--- Assignment ---
An exact reproduction of the listing is wanted, with the pictures dropped.

★ ★ ★

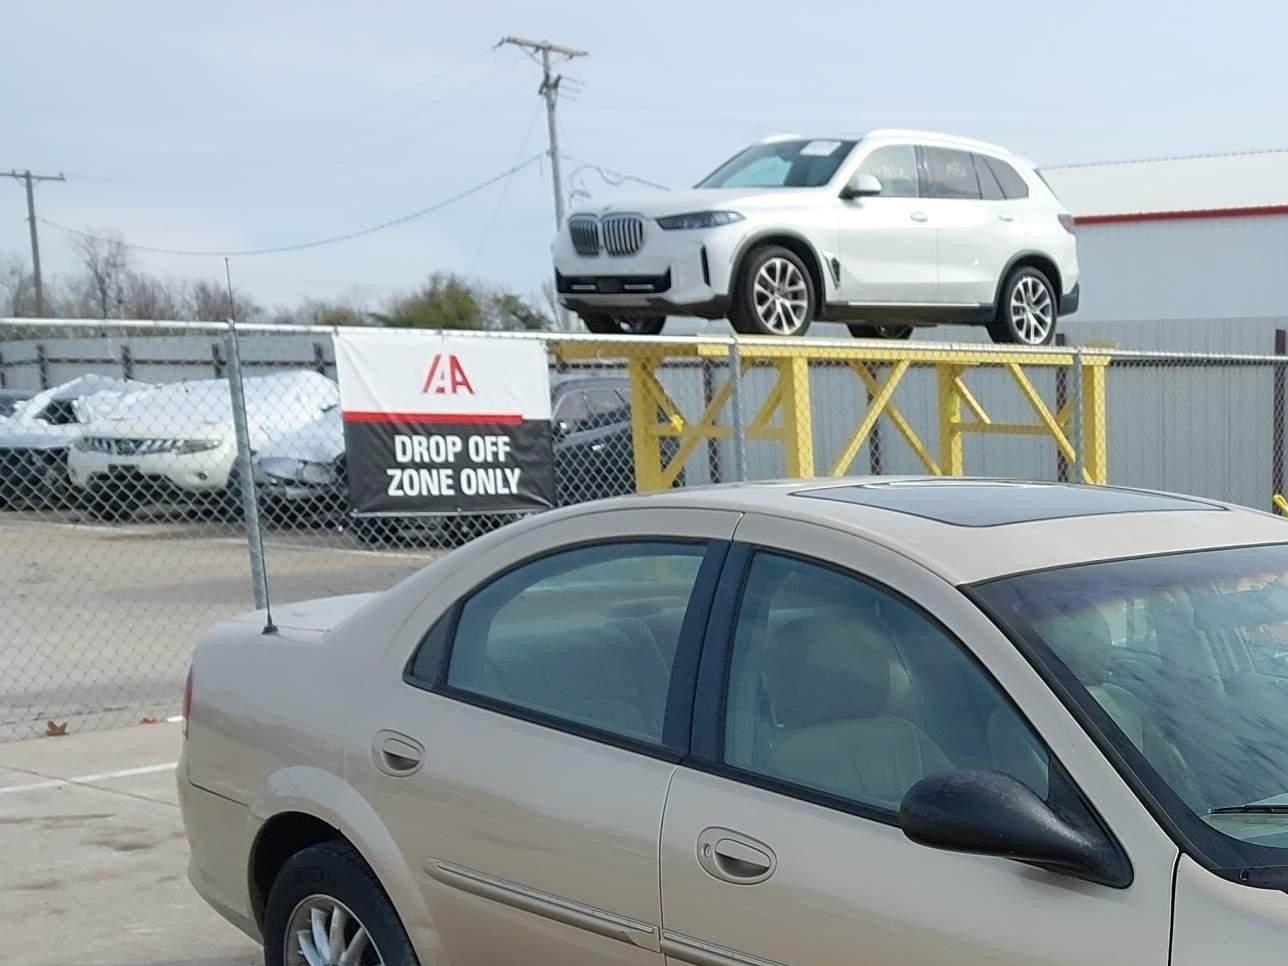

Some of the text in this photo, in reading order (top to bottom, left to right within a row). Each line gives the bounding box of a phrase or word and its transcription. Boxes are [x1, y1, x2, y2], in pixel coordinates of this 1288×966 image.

[394, 434, 511, 463] DROP OFF
[386, 467, 521, 497] ZONE ONLY
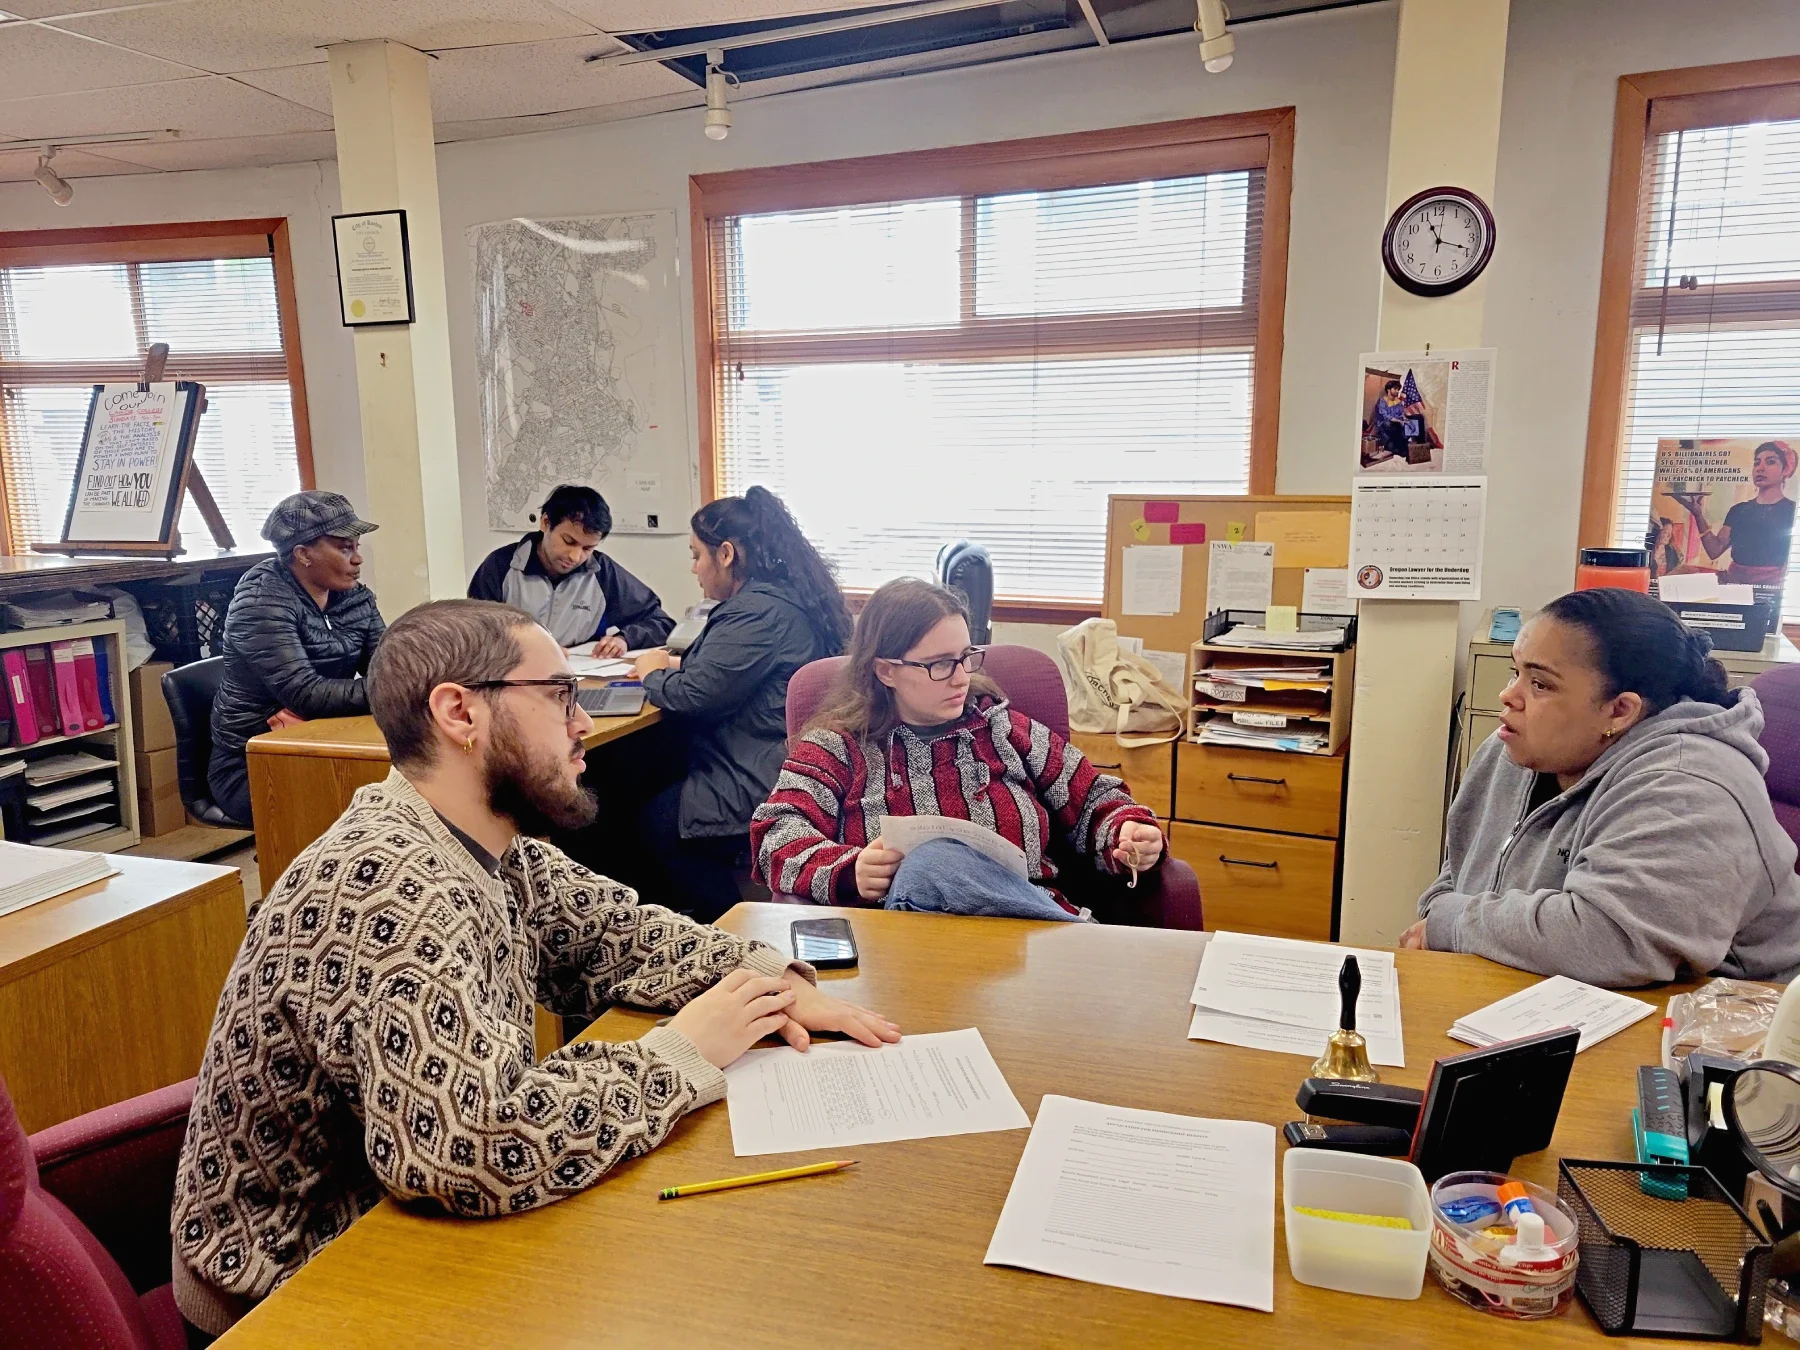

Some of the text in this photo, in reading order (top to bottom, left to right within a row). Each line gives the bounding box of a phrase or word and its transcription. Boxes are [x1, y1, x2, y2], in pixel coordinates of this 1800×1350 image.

[1434, 206, 1446, 216] 12
[1455, 209, 1458, 218] 1
[1421, 212, 1429, 222] 11
[1464, 218, 1471, 228] 2
[1409, 224, 1419, 235] 10
[1468, 233, 1475, 243] 3
[1403, 240, 1409, 250] 9
[1464, 248, 1470, 257] 4
[1407, 253, 1414, 264] 8
[1420, 263, 1426, 273] 7
[1451, 260, 1458, 270] 5
[1434, 266, 1441, 276] 6
[1452, 361, 1459, 370] R
[105, 391, 139, 410] Come
[120, 402, 142, 410] our
[93, 458, 116, 471] STAY
[117, 458, 126, 467] IN
[87, 473, 153, 490] FIND OUT HOW YOU
[112, 490, 150, 507] WE ALL NEED
[1211, 689, 1244, 700] PROGRESS
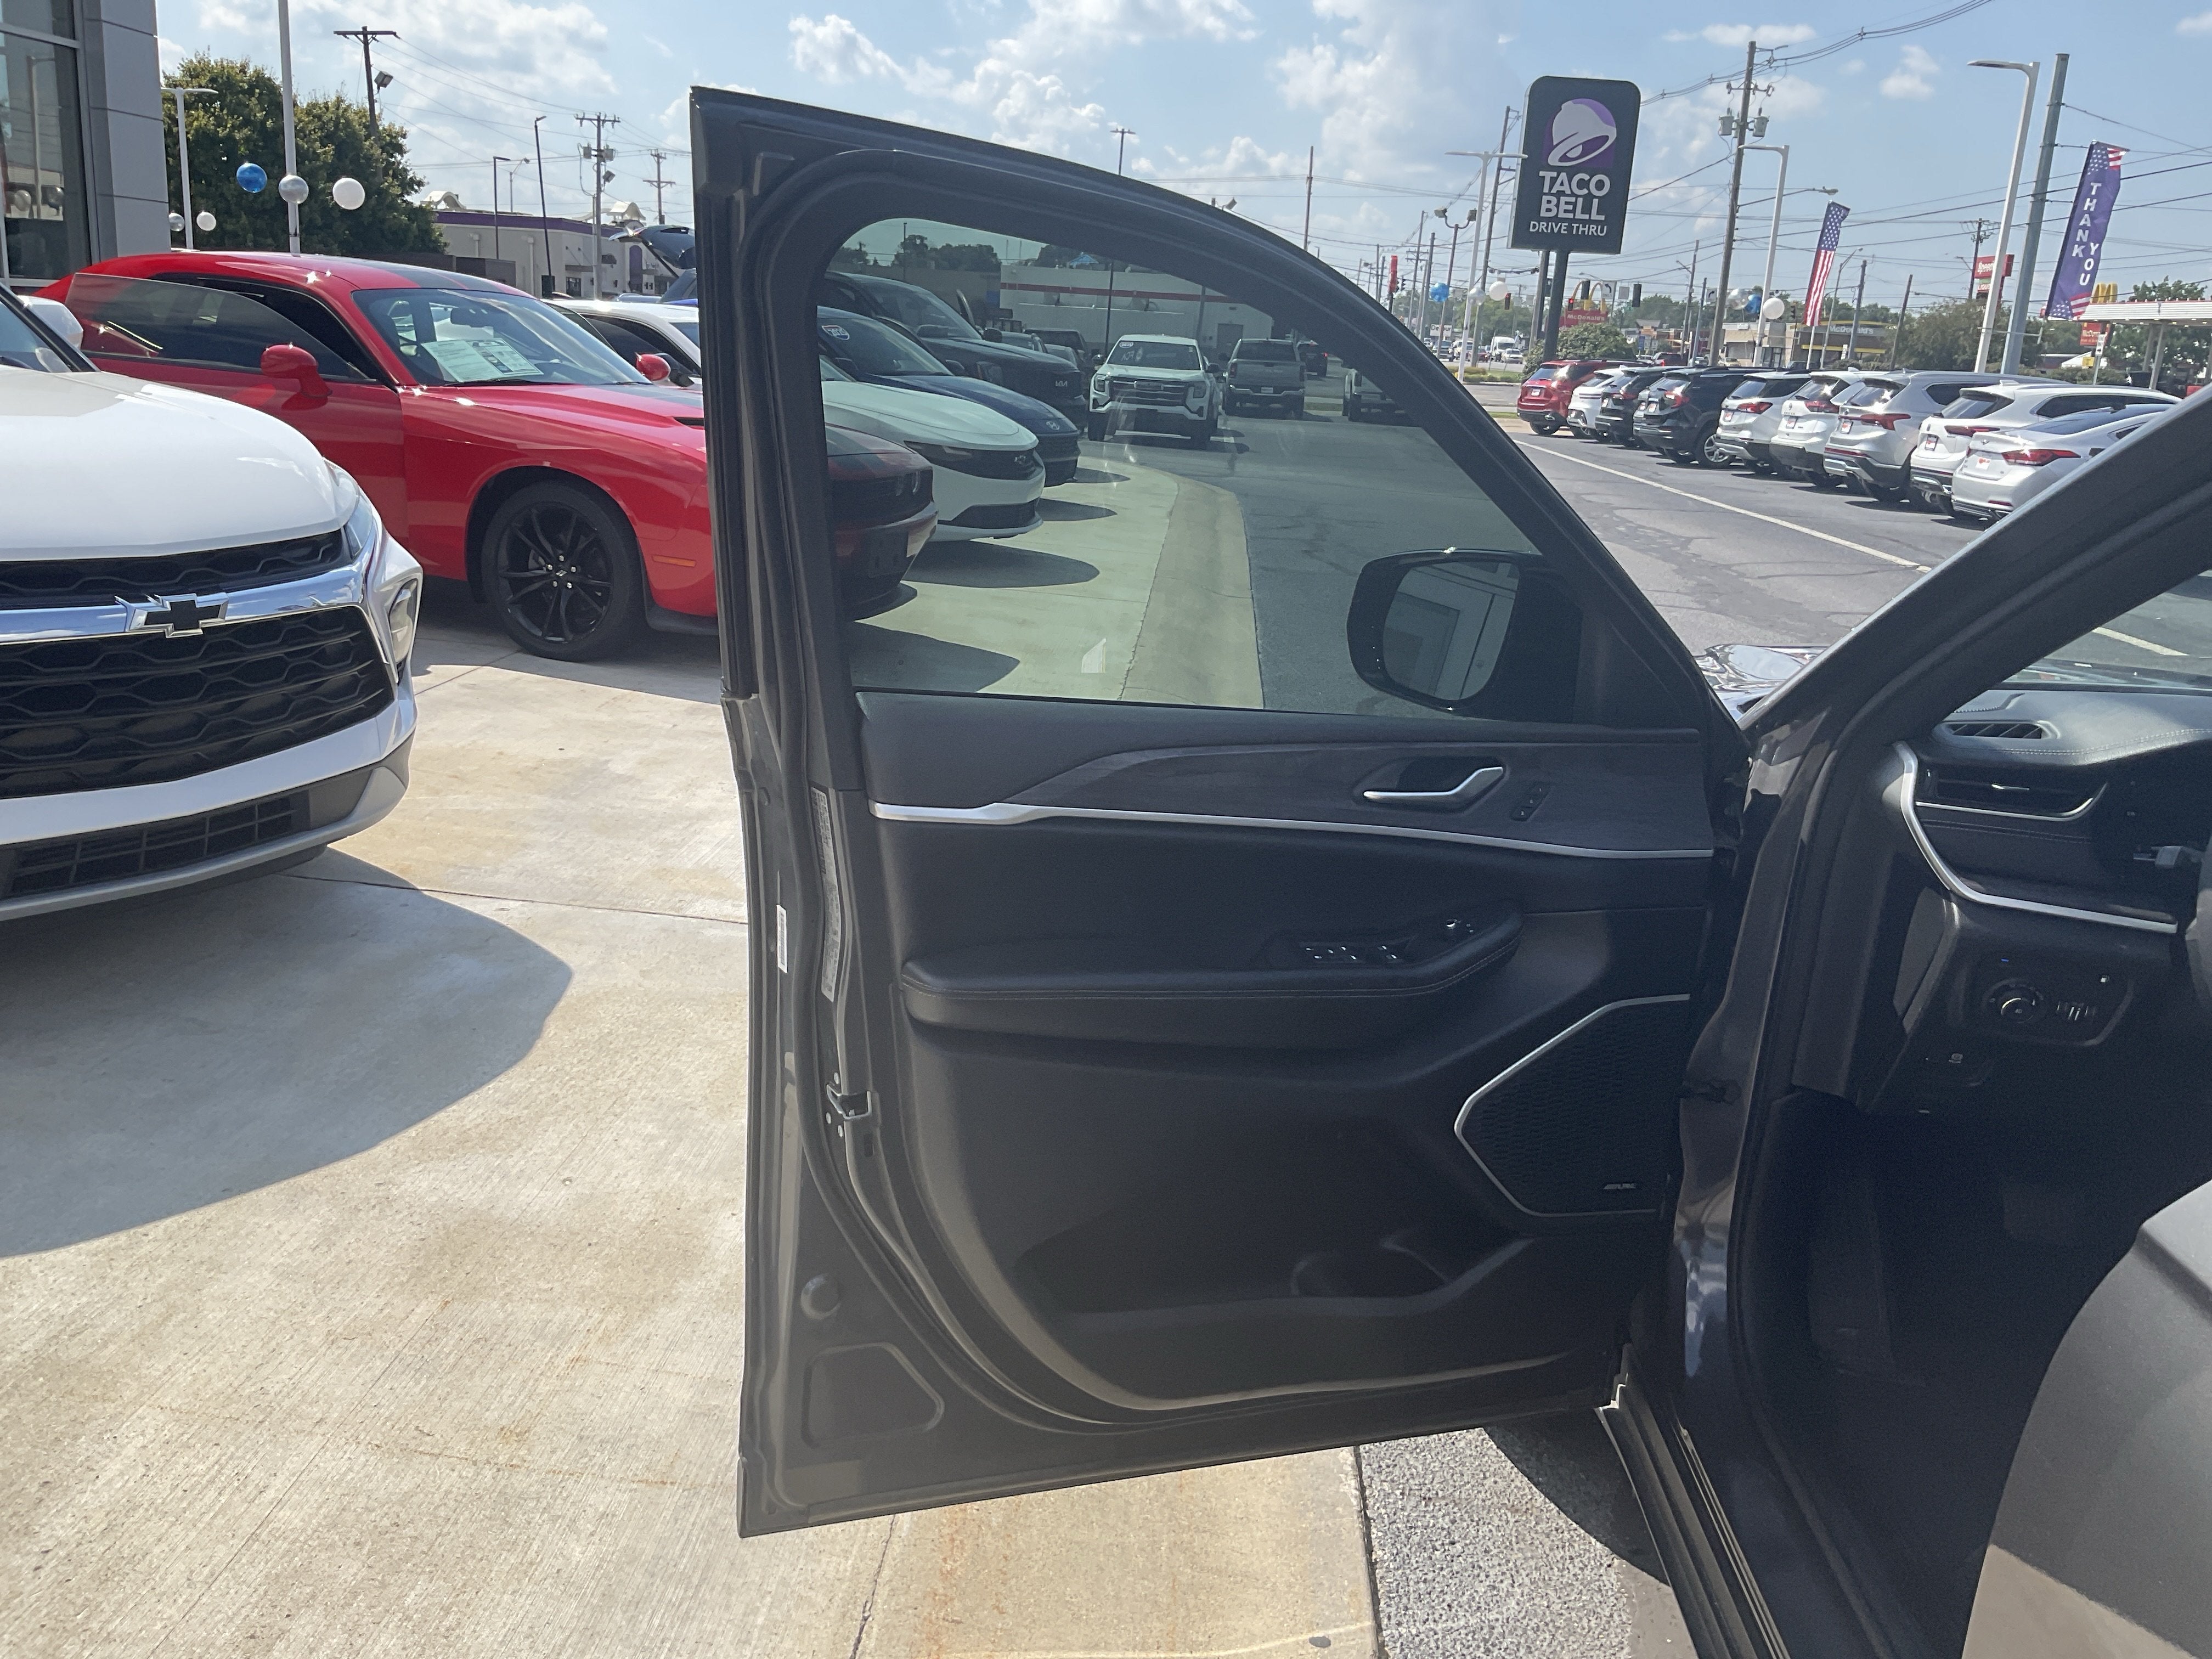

★ ★ ★

--- Solved problem ---
Some of the text in this photo, in reading order (top to bottom, left to right within a row). Each line gives the bounding box of a phrase or word and its transcription. Boxes are [x1, y1, x2, y2], in pixel coordinates of this 1288×966 image.

[394, 434, 511, 463] DROP OFF
[386, 467, 521, 497] ZONE ONLY

Some of the text in this photo, in reading order (top to bottom, left to right within a row). Each line gives the bounding box of a phrase or word and its transcription. Boxes are [x1, y1, x2, y2], in pixel coordinates of this 1800×1350 image.

[1434, 206, 1446, 216] 12
[1455, 209, 1458, 218] 1
[1421, 212, 1429, 222] 11
[1464, 218, 1471, 228] 2
[1409, 224, 1419, 235] 10
[1468, 233, 1475, 243] 3
[1403, 240, 1409, 250] 9
[1464, 248, 1470, 257] 4
[1407, 253, 1414, 264] 8
[1420, 263, 1426, 273] 7
[1451, 260, 1458, 270] 5
[1434, 266, 1441, 276] 6
[1452, 361, 1459, 370] R
[105, 391, 139, 410] Come
[120, 402, 142, 410] our
[93, 458, 116, 471] STAY
[117, 458, 126, 467] IN
[87, 473, 153, 490] FIND OUT HOW YOU
[112, 490, 150, 507] WE ALL NEED
[1211, 689, 1244, 700] PROGRESS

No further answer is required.